Activity
Below are some entries. Reproduce them word for word.

[Collected data]
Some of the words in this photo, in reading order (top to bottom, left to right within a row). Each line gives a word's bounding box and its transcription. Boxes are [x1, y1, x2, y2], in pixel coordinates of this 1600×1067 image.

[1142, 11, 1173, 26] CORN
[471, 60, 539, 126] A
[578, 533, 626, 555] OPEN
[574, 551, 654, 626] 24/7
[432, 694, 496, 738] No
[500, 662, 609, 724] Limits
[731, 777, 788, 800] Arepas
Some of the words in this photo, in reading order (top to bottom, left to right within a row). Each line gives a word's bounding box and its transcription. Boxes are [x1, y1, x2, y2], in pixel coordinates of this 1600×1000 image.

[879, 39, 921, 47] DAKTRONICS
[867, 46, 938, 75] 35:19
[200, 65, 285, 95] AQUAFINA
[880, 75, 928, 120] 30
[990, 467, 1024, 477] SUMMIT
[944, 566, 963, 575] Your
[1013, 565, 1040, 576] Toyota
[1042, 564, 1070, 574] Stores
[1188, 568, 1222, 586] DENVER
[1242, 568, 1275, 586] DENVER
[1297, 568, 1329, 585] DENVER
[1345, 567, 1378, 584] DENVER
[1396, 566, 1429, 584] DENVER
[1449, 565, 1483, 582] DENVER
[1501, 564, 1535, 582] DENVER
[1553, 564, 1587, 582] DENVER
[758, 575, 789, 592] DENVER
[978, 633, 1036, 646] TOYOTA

Task result
Some of the words in this photo, in reading order (top to bottom, left to right within a row). Each line gives a word's bounding box and its transcription. Boxes are [x1, y1, x2, y2], in pixel coordinates of this 1600×1067 image.

[1142, 11, 1173, 26] CORN
[471, 60, 539, 126] A
[578, 533, 626, 555] OPEN
[574, 551, 654, 626] 24/7
[432, 694, 496, 738] No
[500, 662, 609, 724] Limits
[731, 777, 788, 800] Arepas
Some of the words in this photo, in reading order (top to bottom, left to right within a row). Each line gives a word's bounding box and its transcription. Boxes are [x1, y1, x2, y2], in pixel coordinates of this 1600×1000 image.

[879, 39, 921, 47] DAKTRONICS
[867, 46, 938, 75] 35:19
[200, 65, 285, 95] AQUAFINA
[880, 75, 928, 120] 30
[990, 467, 1024, 477] SUMMIT
[944, 566, 963, 575] Your
[1013, 565, 1040, 576] Toyota
[1042, 564, 1070, 574] Stores
[1188, 568, 1222, 586] DENVER
[1242, 568, 1275, 586] DENVER
[1297, 568, 1329, 585] DENVER
[1345, 567, 1378, 584] DENVER
[1396, 566, 1429, 584] DENVER
[1449, 565, 1483, 582] DENVER
[1501, 564, 1535, 582] DENVER
[1553, 564, 1587, 582] DENVER
[758, 575, 789, 592] DENVER
[978, 633, 1036, 646] TOYOTA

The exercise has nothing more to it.